State machine handling in model inheritance¶
State machine handling between parent and child can take 3 forms:
- Parent has a statemachine, and the child modifies functionality and/or appends states
- Parent has a statemachine but not the child. All states are inherited by the child, which calls parent functions for state transitions
- Child has a statemachine but not the parent. Only the child has state transition logic and state machine
In all cases, state transitions should always be initiated from the child.
In the first 2 cases both the parent and child tables will have a rowstate column. If the child and parent has the same state, the values will be the same. If the child has a child state added, which is entered, the child will have the child state value, but the parent will still have the parent state value, since it does not know about any child states. If child states are hooked into the parent states from the child, proper care needs to be taken to make sure the child state hooks back into the parent states properly, otherwise there might be a mismatch in the parent/child states. It is possible to define this in a way that is not consistent, the framework does not detect all possible definition inconsistencies.
Here is some more detailed information about the 3 scenarios listed above.
Parent has a statemachine, and the child modifies functionality and/or appends states¶
The child can modify transition conditions and add actions, and/or append states to the parent statemachine.
The child only need to add the statemachine definitions that differs from the parent state machine, the whole parent state machine definition does not have to be copied.
Example where the child has added an additional check and an additional action to the transition.
When redeclaring a state on the child that already exists in the parent, in order to modify functionality, the statename will not be bold. This way it is easy to identify which states are added to the child state, and which states that already exists in the parent.
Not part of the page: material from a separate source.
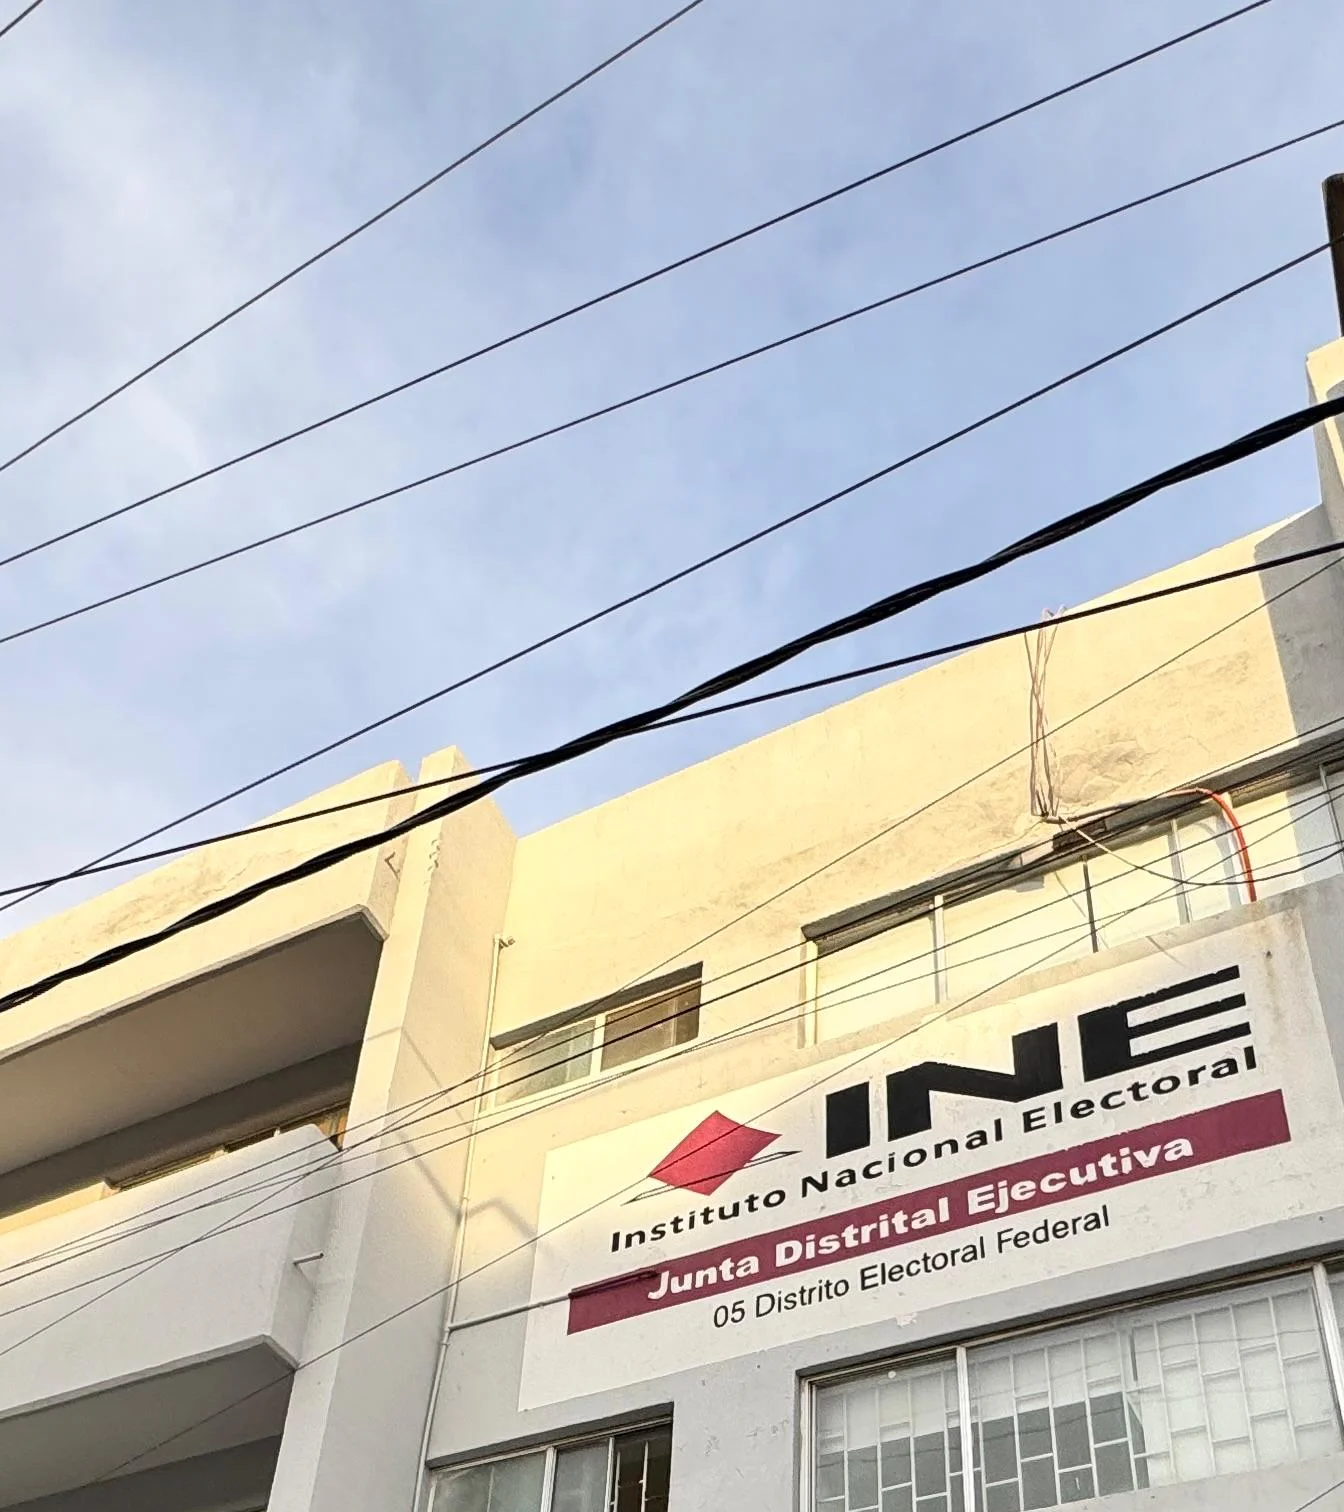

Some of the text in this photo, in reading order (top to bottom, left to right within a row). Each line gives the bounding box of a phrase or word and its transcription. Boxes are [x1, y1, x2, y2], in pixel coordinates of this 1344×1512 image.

New states can also be added to the child:
state ParentStart {
on ToChildBeforePrepare transitionTo ChildBeforePrepare;
}
state ChildBeforePrepare {
...
}
In this example, to hook back into the parent state machine, we must reuse the same event and state that exists in the parent, for example
If the event does not exist in the parent, the parent state will not change, so it is important to make sure the transition is correct also from the parent statemachine. It is possible to transition to a state in the child, without the parent state being transitioned correctly. There should not be transitions being done in the child statemachine to parentstates without using the parent state events. If a child has many states in between 2 parent states the states can be changed freely, as it preserves the correct parent state.
Parent has a statemachine but not the child. All states are inherited by the child, which calls parent functions for state transitions¶
The child get the transition events generated by the code generator, and there is an internal child state machine that forwards the calls to the parent.
Child has a statemachine but not the parent. Only the child has state transition logic and state machine¶
Works like a regular state machine, but the parent is not aware of the child having any states
Important note¶
All statechanges must be initiated from the child. There is no mechanism in the parent to signal state changes to the child, but the child communicates state changes with the parent.